The Ecuadorian teachers who are residing abroad feel that the Ecuadorian government should return us to our teaching posts so that we can return to our country. We left due to the economic slaughter that occurred in the country. With our remittances from abroad we help not only our families, but the State in general so much that the remittances were the second largest source of national revenue after oil and helped Ecuador to get out of the crisis. On the other side, Ecuadorian teachers cannot work in Spain. They do not recognize our degrees here even though we have prepared and worked within the Spanish system. Moreover, due to the crisis throughout Spain there is no work. [At the time of this interview, unemployment was over 27%.]

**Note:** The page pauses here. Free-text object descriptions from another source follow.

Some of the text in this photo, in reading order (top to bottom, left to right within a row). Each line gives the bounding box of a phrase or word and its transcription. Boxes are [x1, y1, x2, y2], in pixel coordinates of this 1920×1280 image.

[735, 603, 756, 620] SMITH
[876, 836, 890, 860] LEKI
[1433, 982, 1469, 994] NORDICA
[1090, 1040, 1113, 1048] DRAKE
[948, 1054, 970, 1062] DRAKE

Professionally, the barriers that have been imposed on us in Spain create a sense of deception. After you have carefully prepared for many years, put in the effort to become part of the profession, and even though we use the same pedagogical system, you will not be accepted into teaching, because according to them, your degree is not valid.

It would have been of great importance to recognize our professional pedagogical degrees with a short course or workshop. Having prepared ourselves in the Spanish system, it would be useful to be able to maintain our professional development in a series with instructors or Spanish nationals trained here. They should give us the same treatment or better opportunities to participate in the civil service exams."

 

Canadian teacher, Damianne President, has worked in India, Sudan, Japan and Czech Republic in the last 10 years.

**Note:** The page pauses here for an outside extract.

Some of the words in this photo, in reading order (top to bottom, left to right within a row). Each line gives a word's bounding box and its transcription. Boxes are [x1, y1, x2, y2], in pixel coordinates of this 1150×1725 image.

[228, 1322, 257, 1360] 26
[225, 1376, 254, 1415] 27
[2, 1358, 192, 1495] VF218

"I have been working overseas for 10 years. As a student, I never considered working overseas. However, I graduated with my Bachelor of Education when there was a shortage of jobs for teachers. I needed a full time job to meet my responsibilities and, in my job search, came across a job fair for international schools. I attended the fair, having been warned by the recruitment agency that it was unlikely that I would find a job there as a new teacher, and was offered three jobs. Out of Trinidad, Colombia and India, the last seemed most interesting. The school in India was a for profit school. We were given housing, a yearly ticket to our home of record, and a salary. All utilities were paid. However, it was sometimes challenging to get resources at the school, which was a constant reminder of the commercial nature of the school.

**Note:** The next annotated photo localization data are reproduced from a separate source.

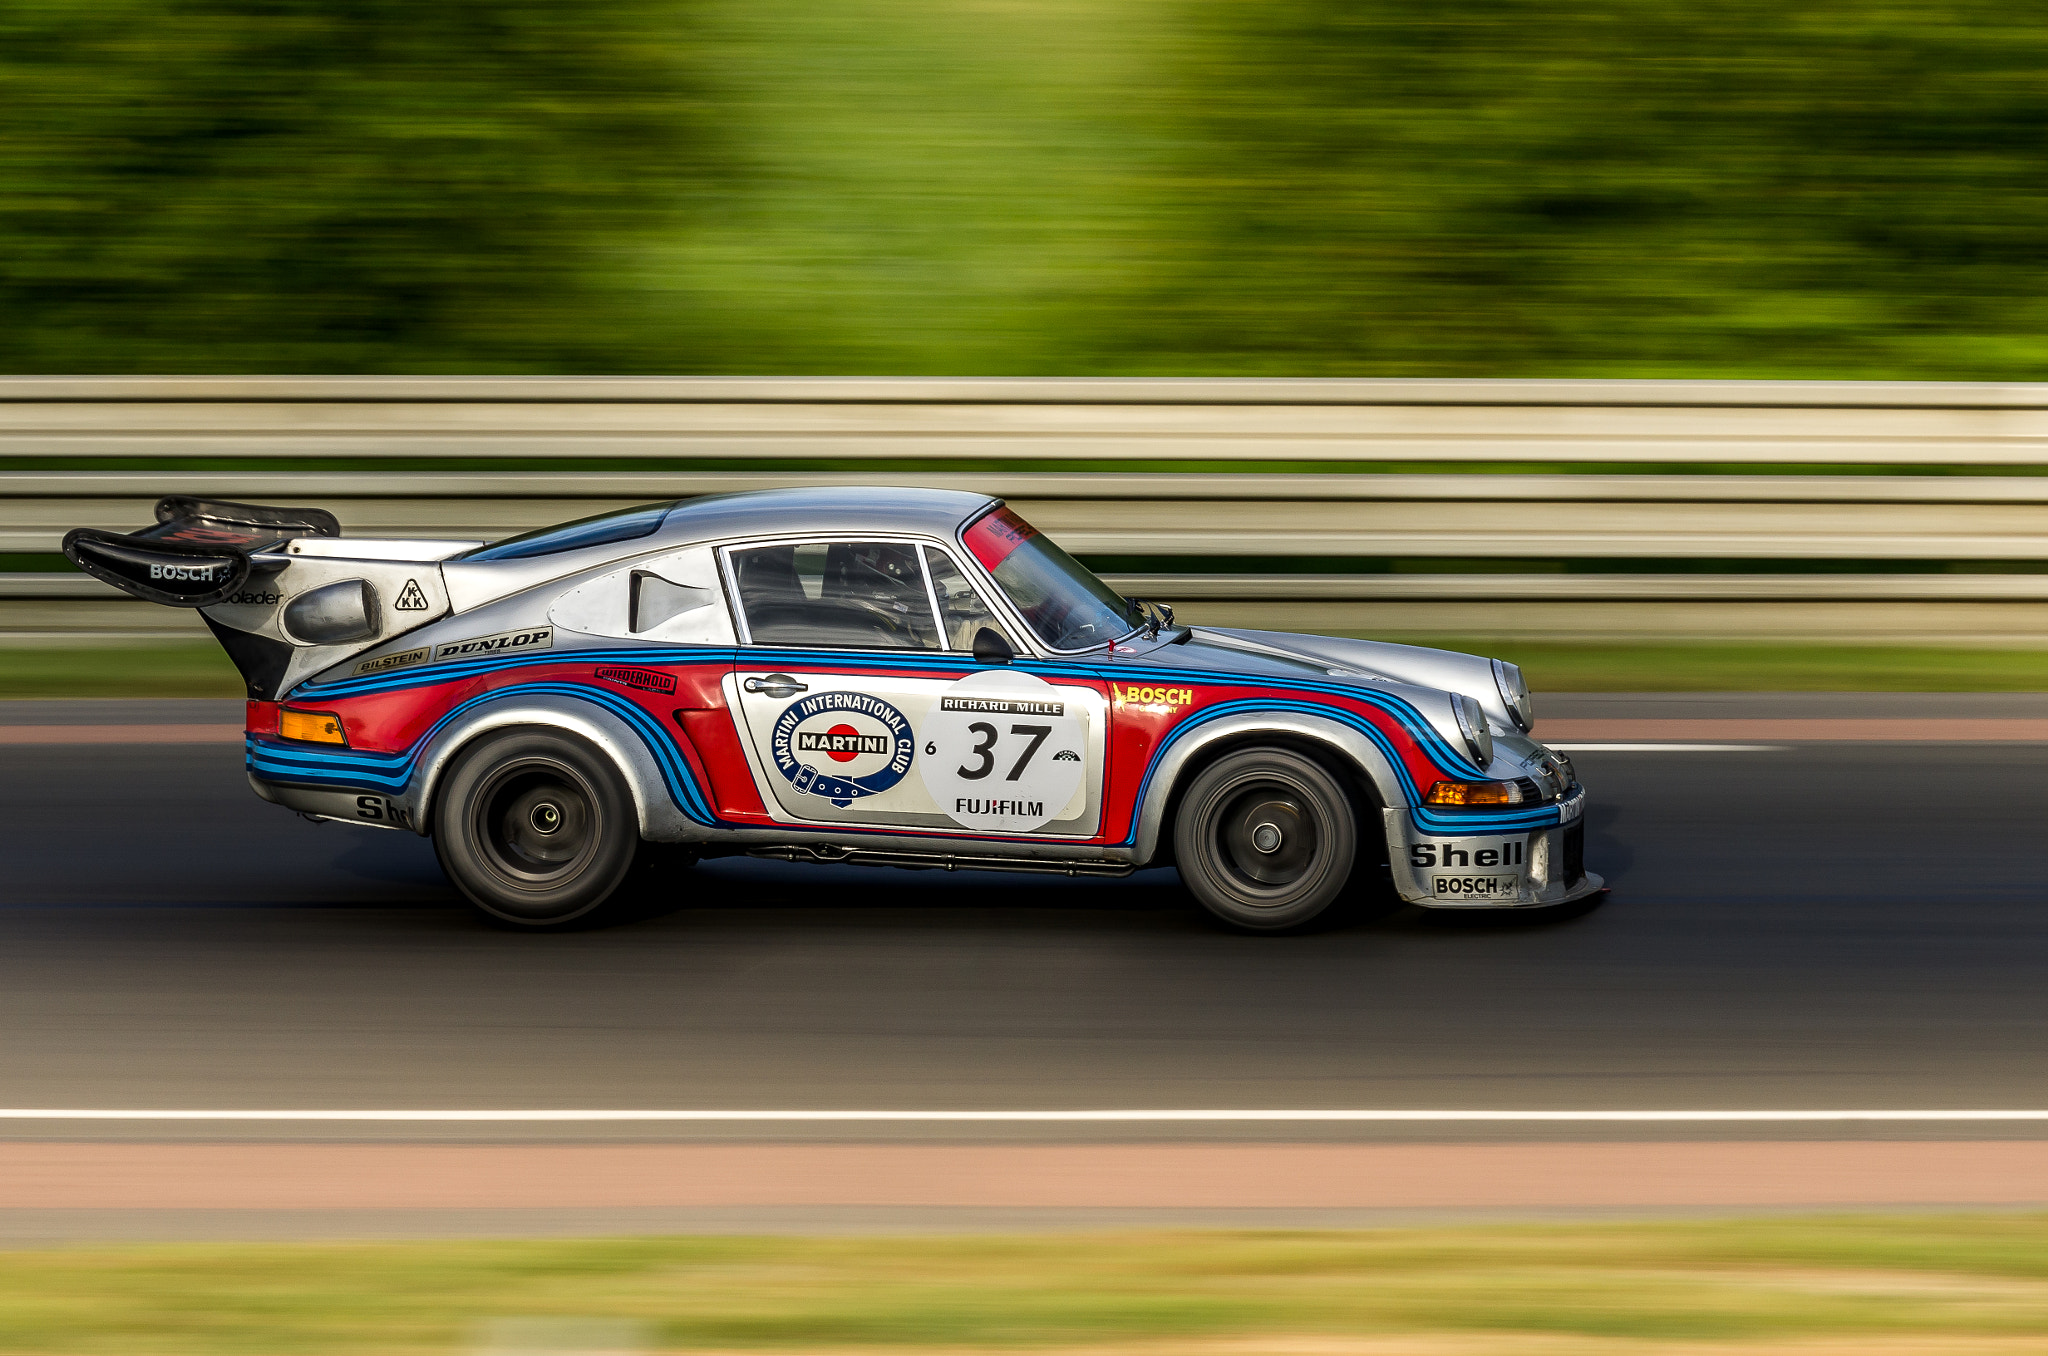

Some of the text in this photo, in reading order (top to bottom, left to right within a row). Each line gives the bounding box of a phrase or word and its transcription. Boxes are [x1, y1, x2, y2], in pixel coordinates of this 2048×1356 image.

[150, 564, 213, 581] BOSCH
[222, 590, 284, 605] olader
[438, 631, 550, 657] DUNLOP
[361, 651, 423, 671] BILSTEIN
[601, 669, 672, 689] WIEDERHOLD
[1126, 686, 1193, 705] BOSCH
[944, 699, 1061, 713] RICHARD MILLE
[775, 694, 912, 774] MARTINI INTERNATIONAL CLUB
[801, 734, 885, 753] MARTINI
[924, 741, 937, 755] 6
[957, 721, 1052, 781] 37
[955, 798, 1043, 816] FUJIFILM
[1410, 841, 1522, 868] Shell
[1436, 877, 1498, 894] BOSCH

Since India, I've worked in not-for-profit schools in Sudan, Japan and the Czech Republic. They have all been international schools with international curricula. Benefits have included medical insurance and housing. Japan and Czech Republic were the most generous, with some dental and vision medical insurance as well as a retirement contribution from the school.

My first three schools were small K-12 schools and there was always a lot to do. There were frequent complaints from teachers of being overworked because we were all involved in curriculum development and other school improvement initiatives. This translated to lots of meetings and other work besides teaching. The positive aspect of this focus on school improvement is the ability to innovate in the classroom, with a focus on collaboration, creativity and authentic learning. I find the opportunity to be a teacher-leader and change agent very appealing in the international schools that I've chosen to work in.

To me, teaching in international schools allows me greater freedom to teach. I know that there are stateside schools that have similar programs but the bureaucracy of the US and Canada are daunting to me. Additionally, if I were to return to Canada to work in public schools now, I would be starting out as a new teacher and my international experience would be given no value. That alone is a huge deterrent to returning “home.” The other is the fact that I am third-culture and Canada no longer feels like home."